Russian air strikes have destroyed apartment buildings, a local stadium, a kindergarten, several medical facilities, grocery stores and even a library located in a 19th-century building.
“The building of the library is historical. It survived World War II, but did not make it through Russian aggression,” said Chernihiv Oblast Governor Vyacheslav Chaus.
“They only attacked civilian facilities,” he went on.
According to Chaus, hundreds of residential buildings have been destroyed in the city, hundreds of civilians killed and even more injured.
The attacks have been clearly targeting civilians. On March 16, shelling killed 14 people who were queuing to buy bread, including a U.S. citizen.
One of the darkest days in Chernihiv was March 3 when Russian planes dropped bombs on several buildings, killing 47 people at once.

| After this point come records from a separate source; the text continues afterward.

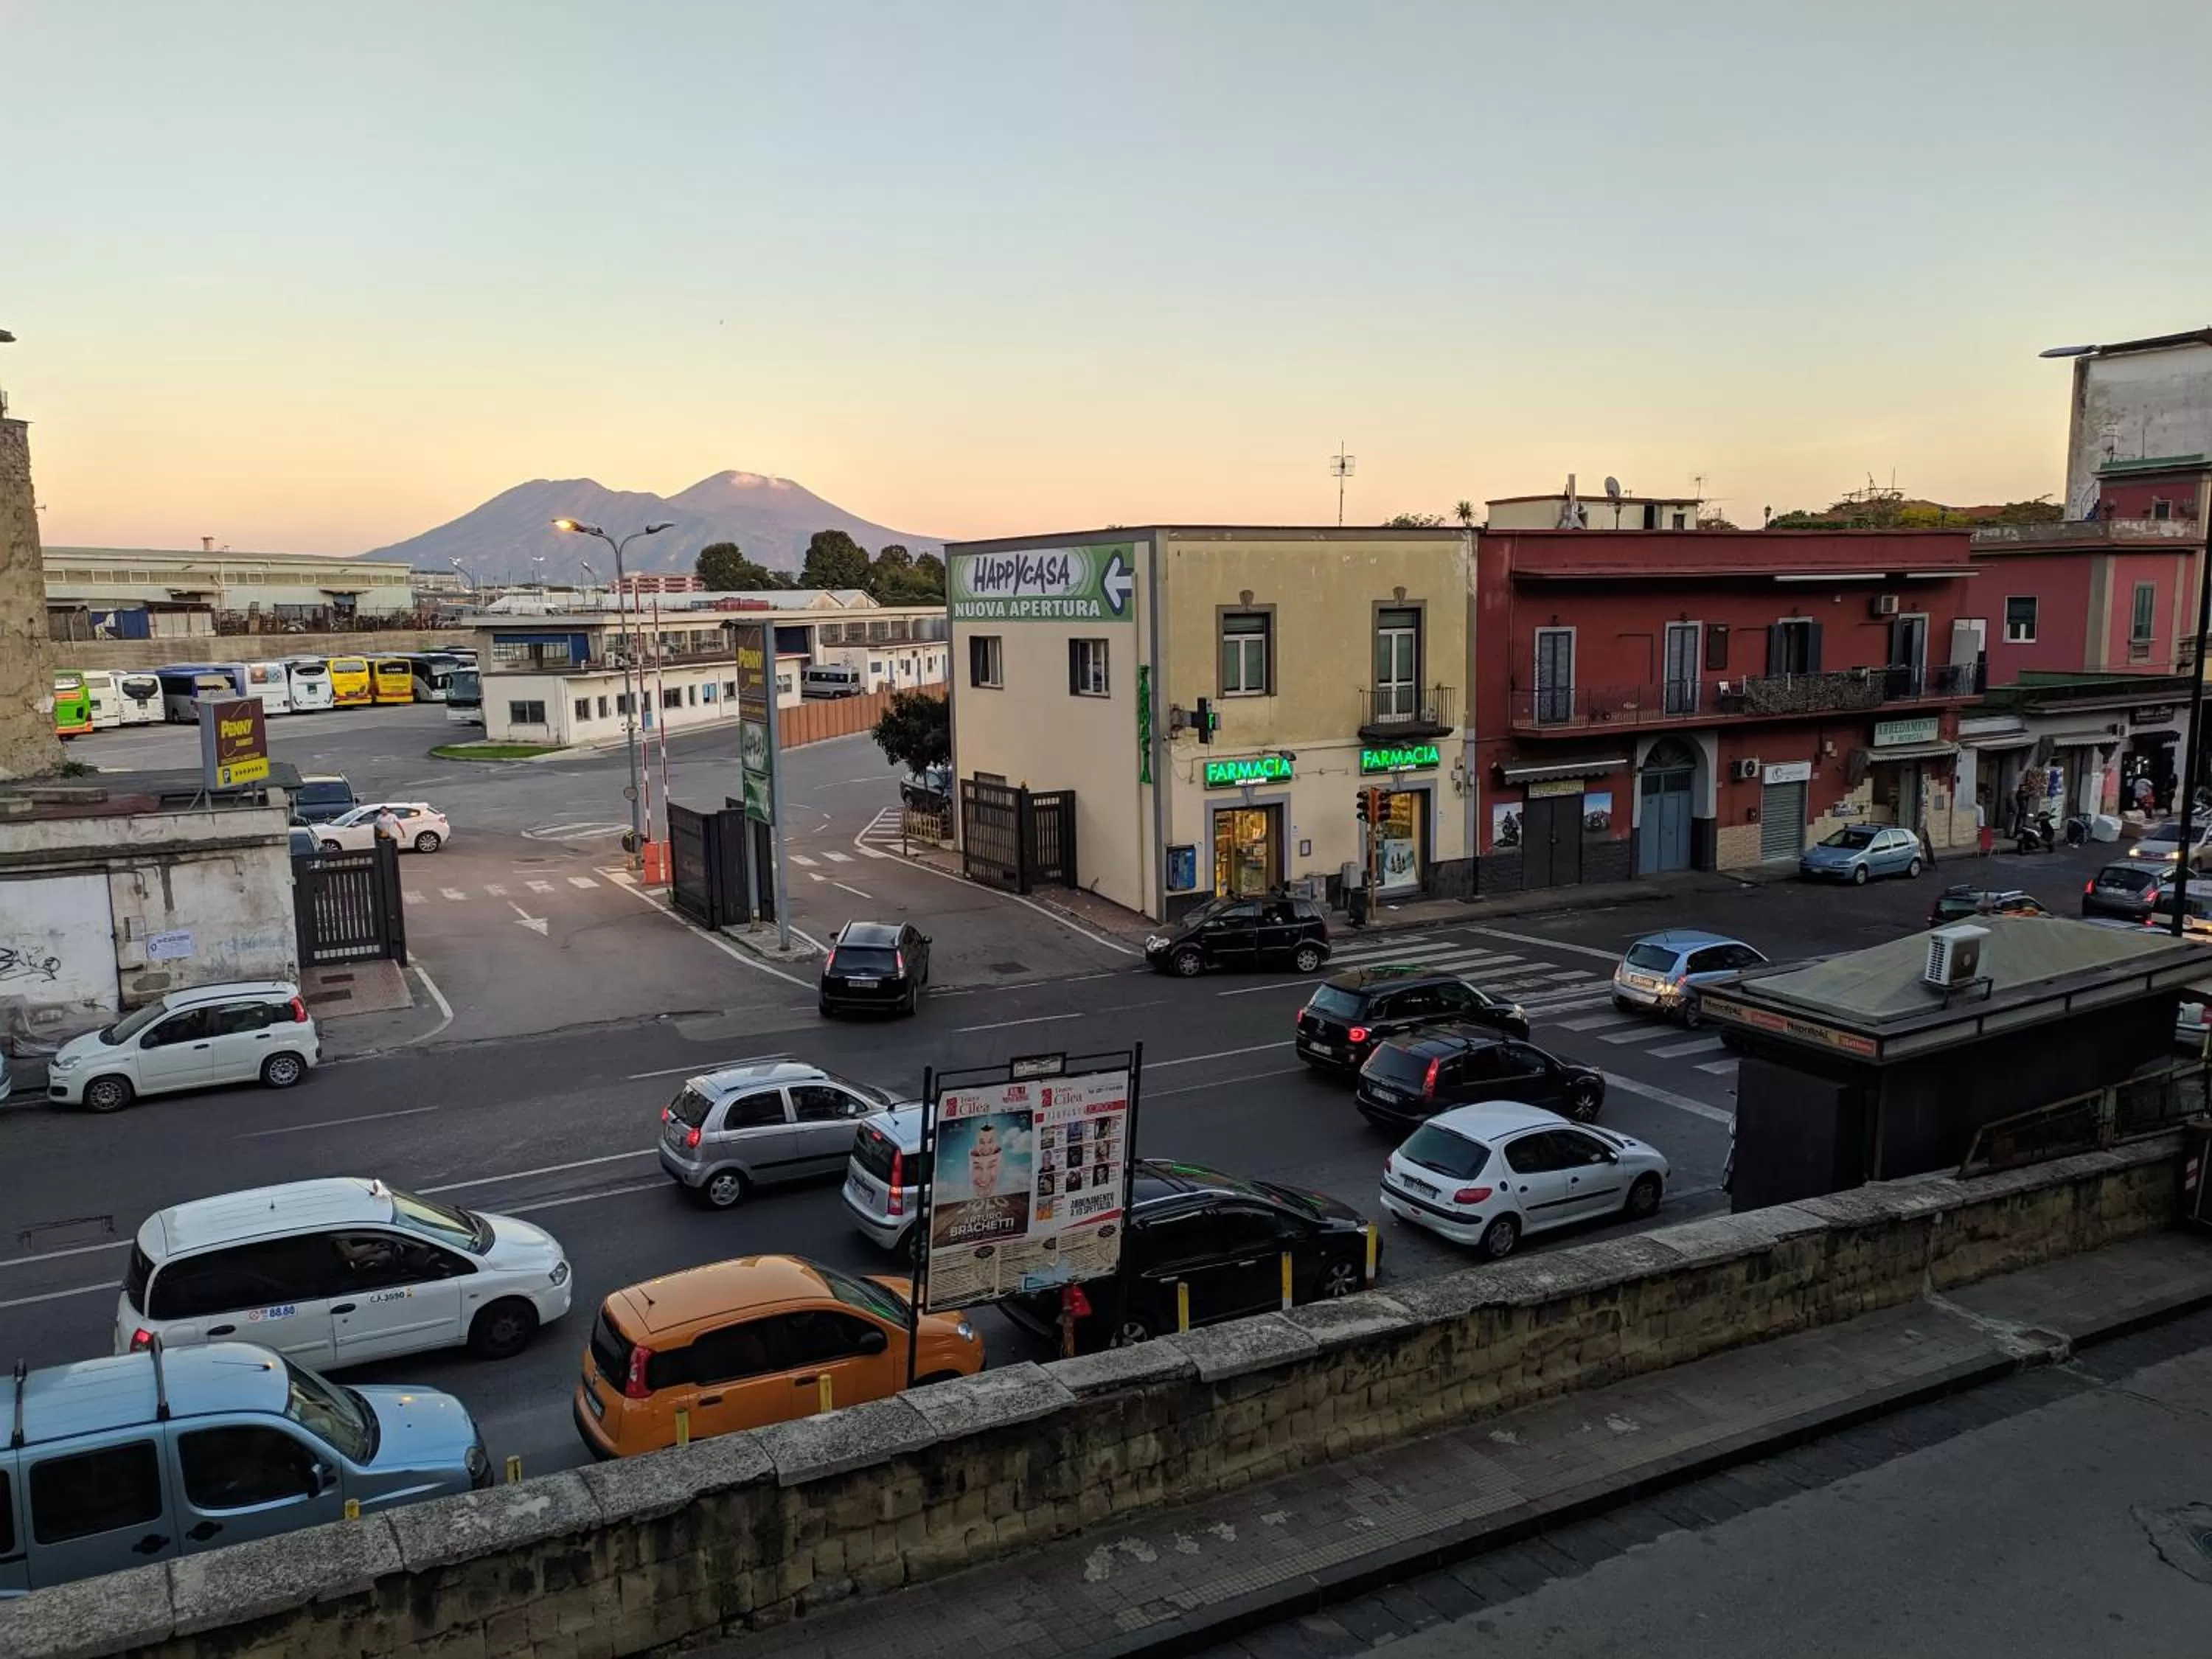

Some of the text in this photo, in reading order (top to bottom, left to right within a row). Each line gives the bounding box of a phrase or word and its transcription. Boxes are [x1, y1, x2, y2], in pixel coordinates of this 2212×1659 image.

[954, 599, 1101, 617] NUOVA APERTURA
[220, 718, 254, 739] PENNY
[1363, 746, 1439, 768] FARMACIA
[1207, 759, 1292, 782] FARMACIA
[1054, 1092, 1083, 1105] Cilea
[959, 1102, 990, 1116] Cilea
[950, 1217, 1015, 1237] BRACHETTI
[964, 1211, 1003, 1225] ARTURO

“We heard two planes,” recalled a local citizen Vyacheslav Kuts, who lives near the bombed site. “The shock wave threw me together with the door into the entryway.”
“I grabbed my kids and carried them to the basement amid the air strikes,” Kuts said, pointing to the entrance to the shelter that has been hit with bomb fragments.

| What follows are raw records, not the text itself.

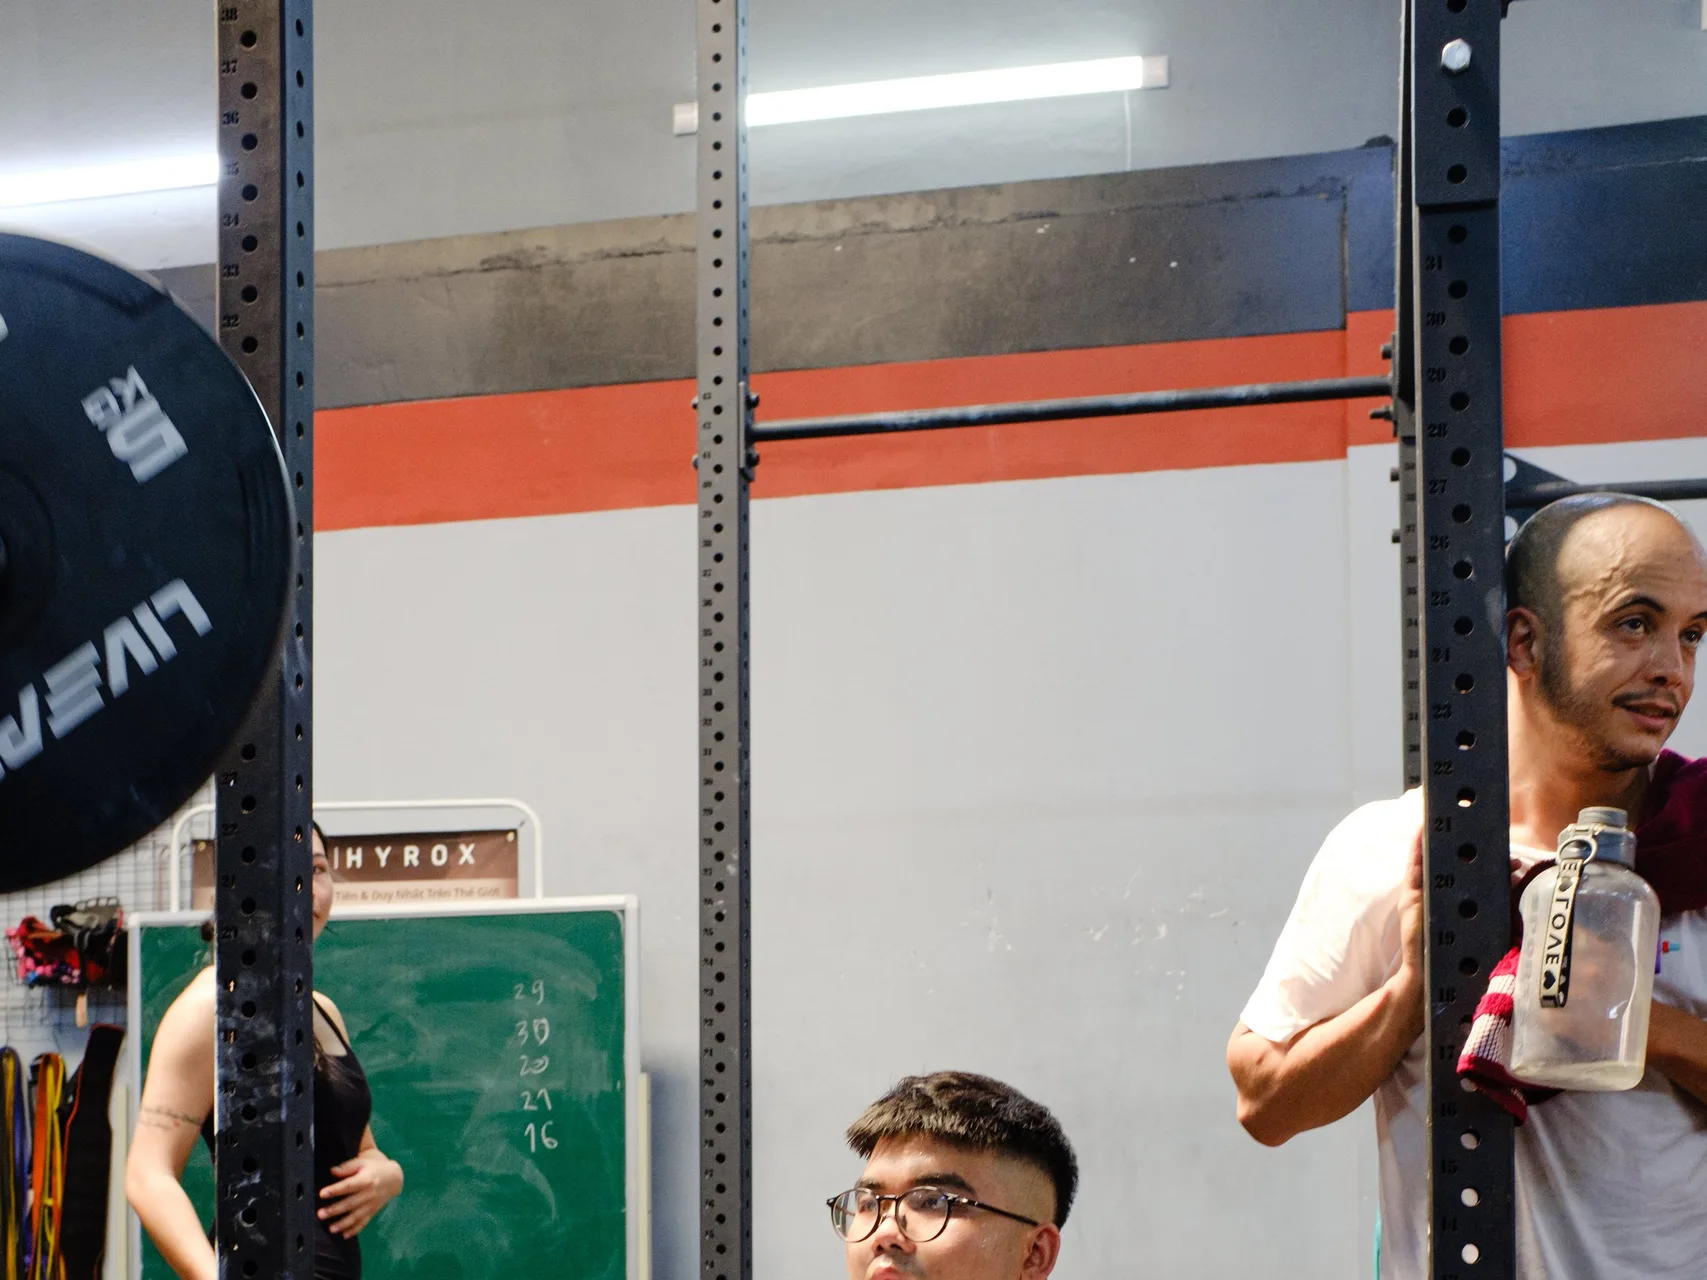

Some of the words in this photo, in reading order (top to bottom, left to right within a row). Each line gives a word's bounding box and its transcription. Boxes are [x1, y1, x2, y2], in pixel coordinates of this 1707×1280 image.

[222, 60, 237, 73] 37
[223, 315, 239, 327] 32
[80, 364, 152, 431] KG
[106, 393, 189, 484] 5
[1429, 479, 1446, 493] 27
[0, 578, 213, 783] LIVEP
[1433, 761, 1453, 774] 22
[1435, 817, 1451, 831] 21
[346, 843, 475, 869] HYROX
[371, 889, 393, 903] Duy
[1545, 898, 1570, 965] LOVE
[514, 980, 544, 1005] 29
[517, 1017, 550, 1046] 30
[523, 1120, 559, 1152] 16

The explosion was so massive that the glass broke in all the windows in the entire neighborhood. Since then, the neighborhood has had no gas or electricity.
"When it was minus 13 degrees outside, it was minus 2 degrees in my apartment,” Kuts recalled.
Together with neighbors, Kuts covered the windows with wood and metal to keep warm.
Until a few days ago, when the electricity got fixed, they cooked on a gas burner.
Soon after the March 3 attack, both planes bombing Chernihiv have been shot down by the Ukrainian forces. One pilot, Alexander Krasnoyartsev, was captured and acknowledged that Russian planes have deliberately bombed residential areas.
“I understand it’s war, but to bomb in such a way…” Kuts goes on swearing at the Russian army.
Like others in Chernihiv, he understands that the lull may be temporary and new air strikes can happen.
“We are all scared,” Kuts said of potential attacks.
“But we keep smiling. Because we are alive.”